An exact copy of the entries, with every picture omitted, is what is needed here.

Free-text object descriptions:
-=-=-=-=-

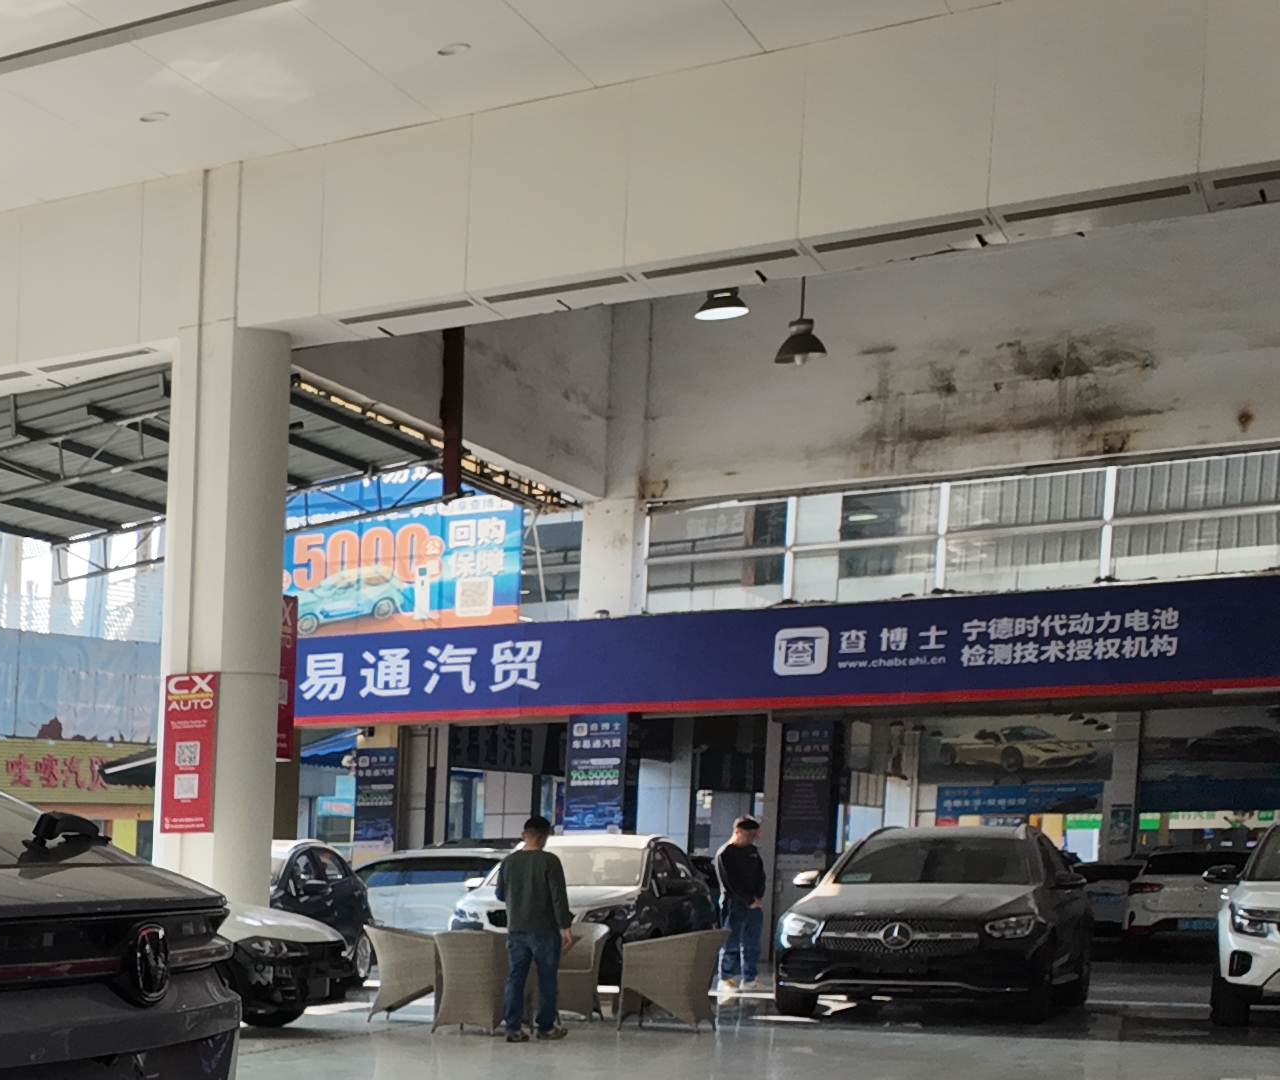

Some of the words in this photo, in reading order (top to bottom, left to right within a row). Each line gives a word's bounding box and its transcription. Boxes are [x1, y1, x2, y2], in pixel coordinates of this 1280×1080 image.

[448, 516, 507, 549] 回购
[292, 523, 439, 591] 5000
[448, 548, 506, 579] 保障
[838, 624, 949, 655] 查博士
[961, 607, 1180, 643] 宁德时代动力电池
[961, 633, 1179, 668] 检测技术授权机构
[167, 674, 214, 694] CX
[299, 640, 543, 702] 易通汽贸
[167, 698, 214, 712] AUTO

-=-=-=-=-

## Exercise solution
Some of the words in this photo, in reading order (top to bottom, left to right within a row). Each line gives a word's bounding box and its transcription. Boxes are [x1, y1, x2, y2], in pixel coordinates of this 1280×1080 image.

[448, 516, 507, 549] 回购
[292, 523, 439, 591] 5000
[448, 548, 506, 579] 保障
[838, 624, 949, 655] 查博士
[961, 607, 1180, 643] 宁德时代动力电池
[961, 633, 1179, 668] 检测技术授权机构
[167, 674, 214, 694] CX
[299, 640, 543, 702] 易通汽贸
[167, 698, 214, 712] AUTO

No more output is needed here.